3.1.3. Mixed Presentation

This protocol is easy to implement but offers the greatest challenge for intuition. All three phages are growing in one culture of both hosts. In contrast to the other two protocols, the generalist quantities NAB|A and NAB|B cannot be separated from each other because the generalist is infecting both hosts in the same culture: its numbers from one host affect its numbers on the other host. To create a combined value for the generalist merely trivializes the problem to the point of uselessness. Some of these challenges have been addressed in models that assume a constant abundance of hosts [31], but the protocols for host range evolution often violate this assumption.
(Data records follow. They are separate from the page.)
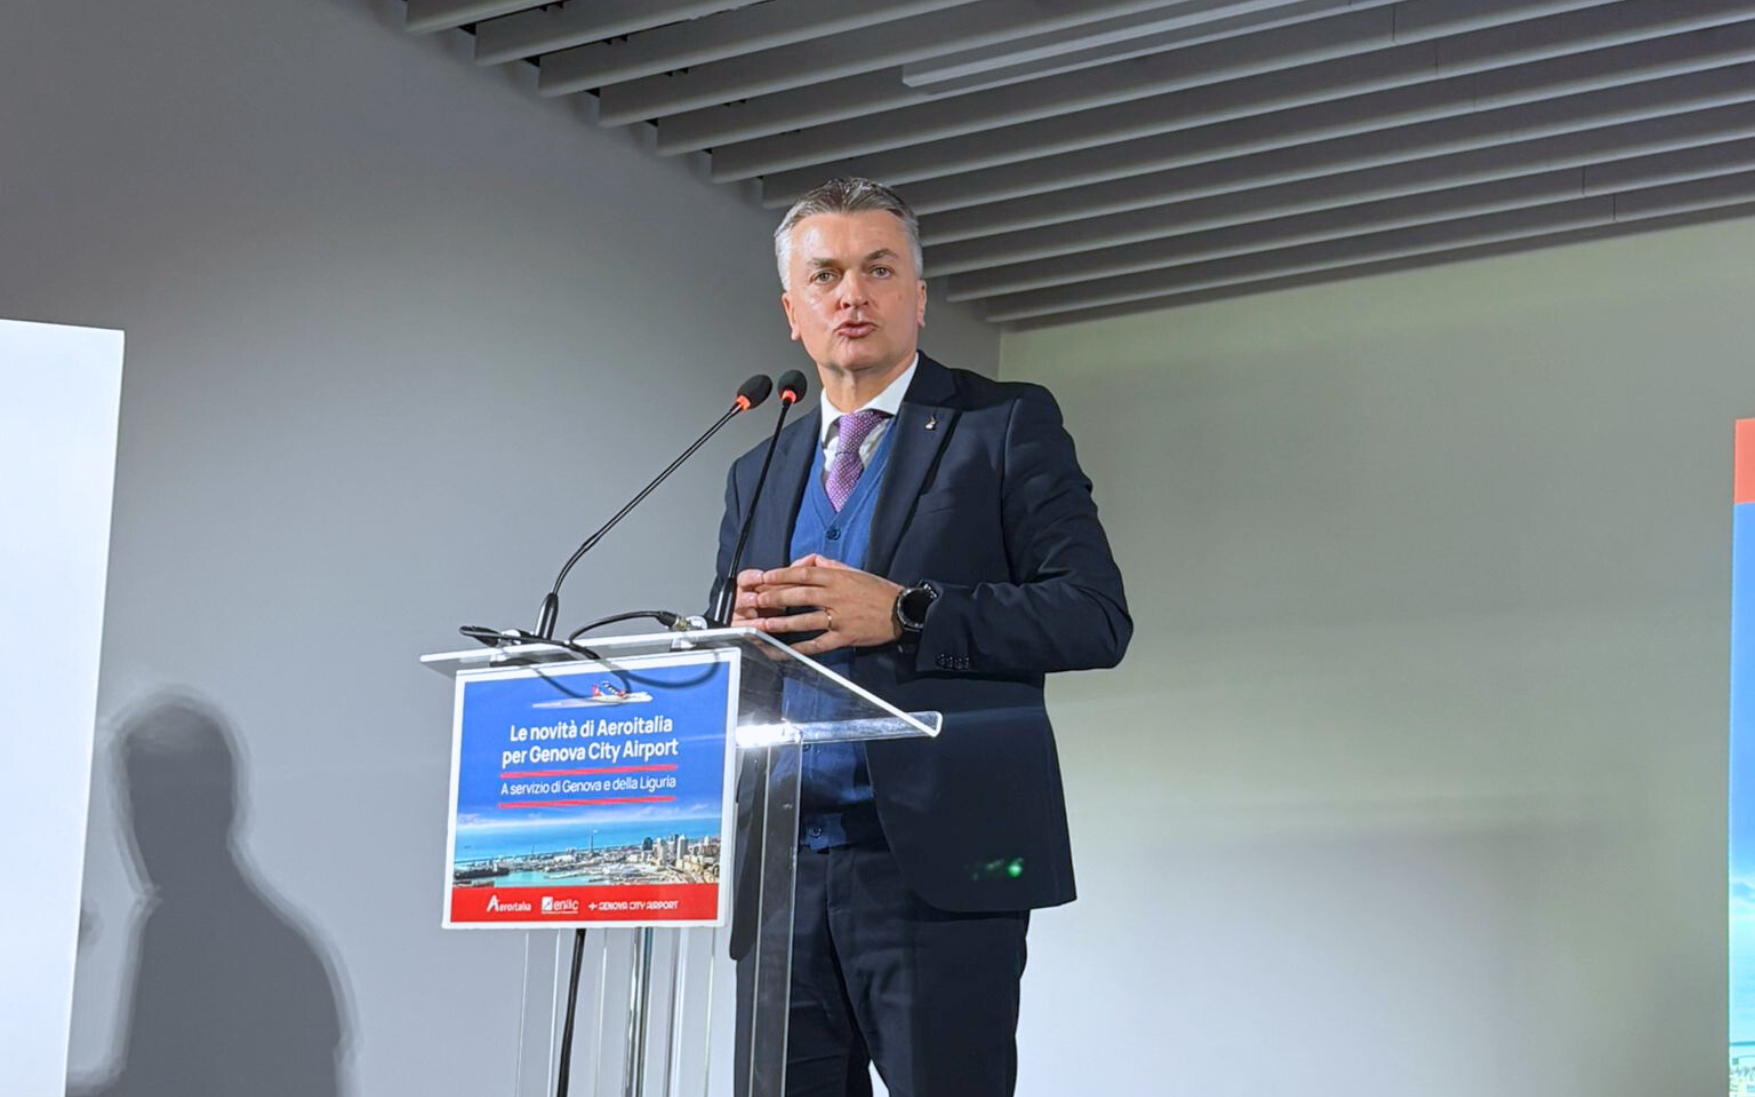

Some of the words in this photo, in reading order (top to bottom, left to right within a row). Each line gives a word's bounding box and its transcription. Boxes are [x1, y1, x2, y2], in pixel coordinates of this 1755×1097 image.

[510, 724, 527, 742] Le
[530, 719, 577, 740] novità
[580, 720, 594, 737] di
[597, 715, 673, 736] Aeroitalia
[502, 749, 527, 769] per
[529, 744, 586, 763] Genova
[588, 742, 621, 763] City
[623, 737, 678, 762] Airport
[501, 783, 509, 795] A
[510, 780, 550, 795] servizio
[551, 779, 562, 793] di
[562, 777, 602, 793] Genova
[604, 780, 610, 790] e
[612, 776, 638, 790] della
[640, 775, 676, 792] Liguria
[599, 901, 628, 911] GENOVA
[630, 901, 645, 911] CITY
[646, 900, 679, 910] AIRPORT
We thus rely entirely on numerical analyses for Mixed presentation.

3.2. Numerical Analyses

To provide a more quantitative sense of selection, we numerically analyze ordinary differential equations similar to those in Equation (1a,b) that encode phage growth, bacterial growth, and bacterial death from phage attack (see Methods for the structure of equations, see Data Availability for access to the files). Our approach is to compare the different host-presentation protocols, but it should be appreciated that, even with just two hosts, many variations are possible within one host-presentation protocol, affecting the dilution at the end of a cycle, the duration of a cycle, initial conditions, and bacterial growth. Our approach is to consider a limited set of conditions for one presentation protocol, then to vary some of those conditions to measure the impact on the types of phages retained. A systematic analysis that varies many conditions together would be unmanageable. The intent is to develop a sense of what set of conditions an empiricist might use to steer the outcome toward generalists or specialists, but any empirical application will likely benefit from numerical analyses tailored specifically to it.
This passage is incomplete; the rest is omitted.